* What is required:
Set down the records exactly, and omit any image found in them.

* Spatial localization data:
++++++++

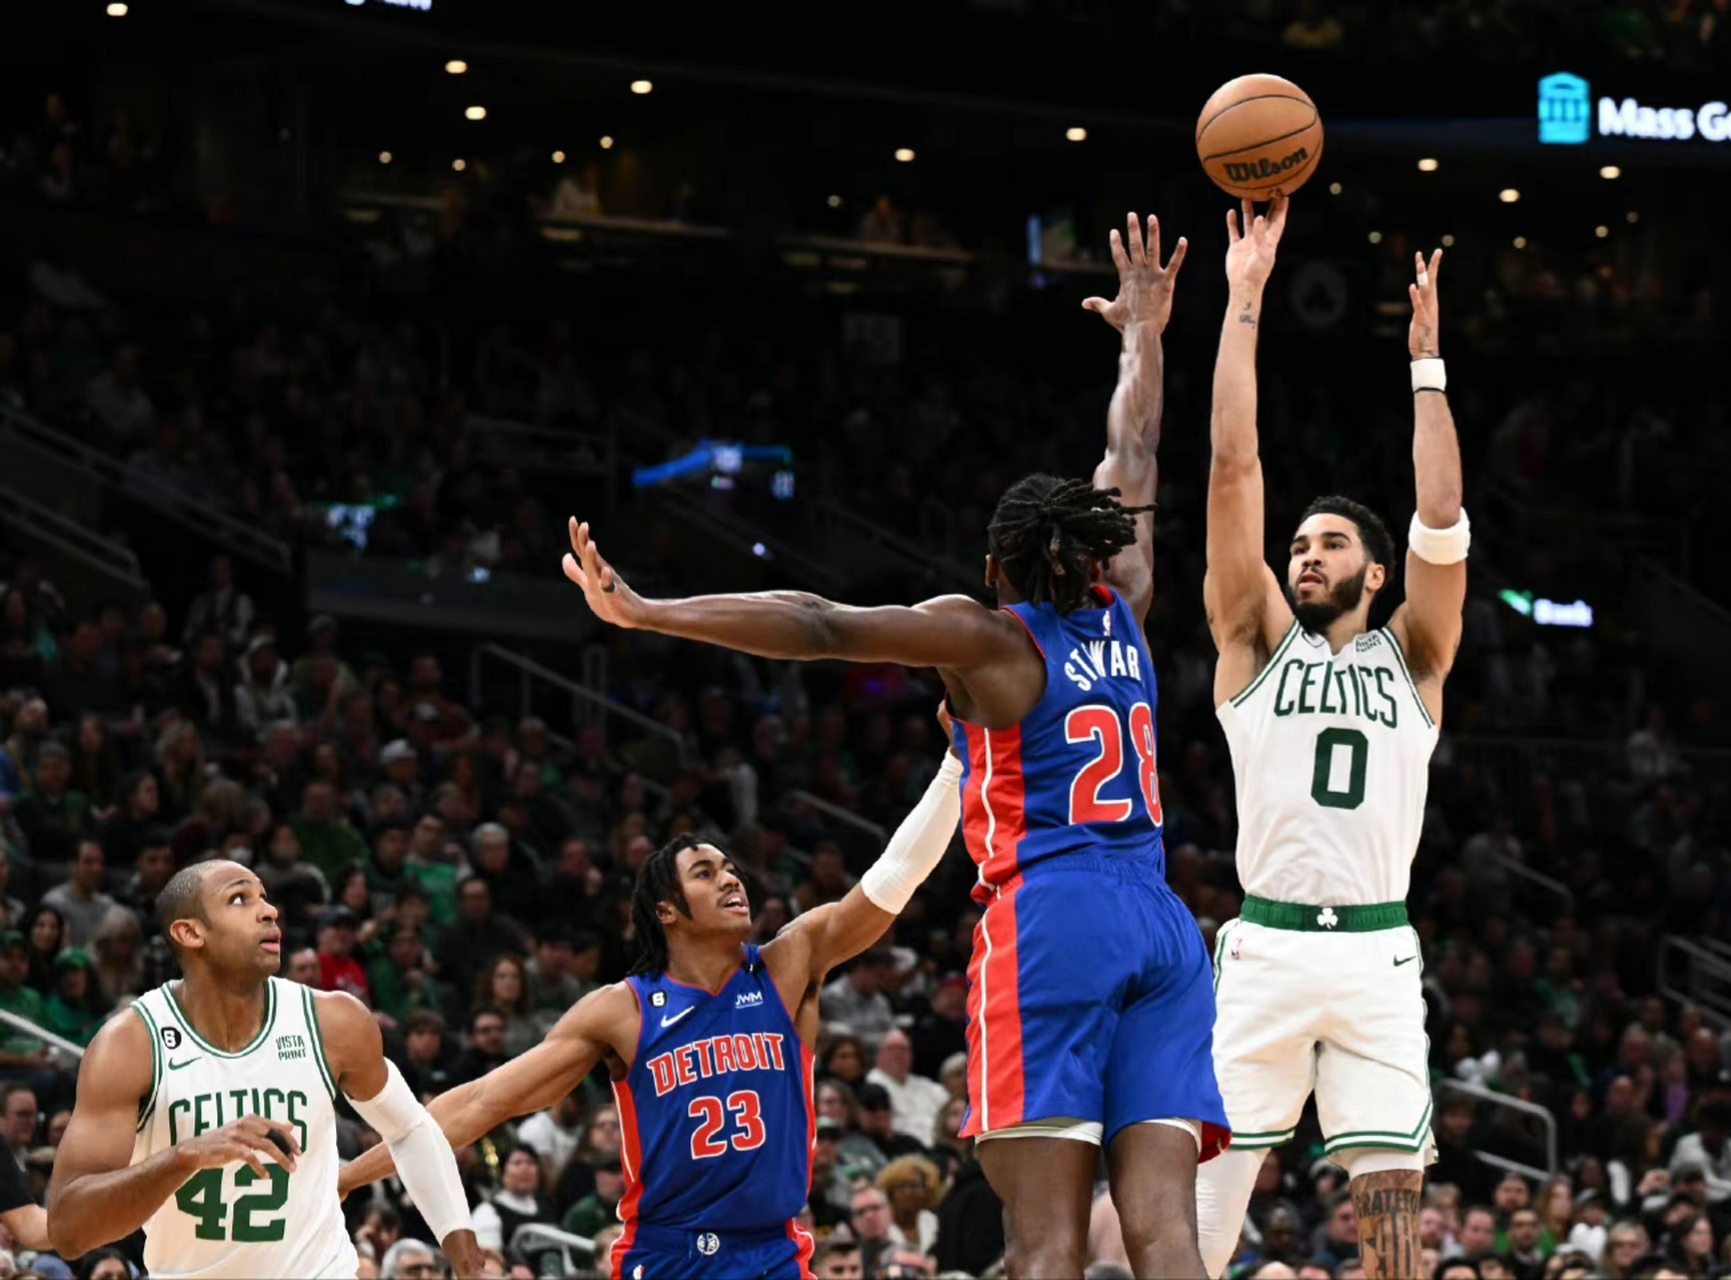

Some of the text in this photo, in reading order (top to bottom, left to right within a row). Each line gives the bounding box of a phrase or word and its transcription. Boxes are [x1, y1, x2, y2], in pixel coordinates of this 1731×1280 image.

[1598, 97, 1731, 141] Mass G
[1223, 147, 1308, 182] Wilson
[1064, 640, 1143, 692] STWAR
[1274, 658, 1397, 729] CELTICS
[1064, 702, 1163, 827] 28
[1311, 727, 1369, 810] 0
[735, 990, 763, 1007] JWM
[275, 1035, 305, 1050] VISTA
[278, 1048, 307, 1061] PRINT
[646, 1032, 785, 1097] DETROIT
[688, 1090, 766, 1160] 23
[174, 1163, 290, 1242] 42

++++++++

* Response below:
Some of the text in this photo, in reading order (top to bottom, left to right within a row). Each line gives the bounding box of a phrase or word and its transcription. Boxes are [x1, y1, x2, y2], in pixel coordinates of this 1731×1280 image.

[1598, 97, 1731, 141] Mass G
[1223, 147, 1308, 182] Wilson
[1064, 640, 1143, 692] STWAR
[1274, 658, 1397, 729] CELTICS
[1064, 702, 1163, 827] 28
[1311, 727, 1369, 810] 0
[735, 990, 763, 1007] JWM
[275, 1035, 305, 1050] VISTA
[278, 1048, 307, 1061] PRINT
[646, 1032, 785, 1097] DETROIT
[688, 1090, 766, 1160] 23
[174, 1163, 290, 1242] 42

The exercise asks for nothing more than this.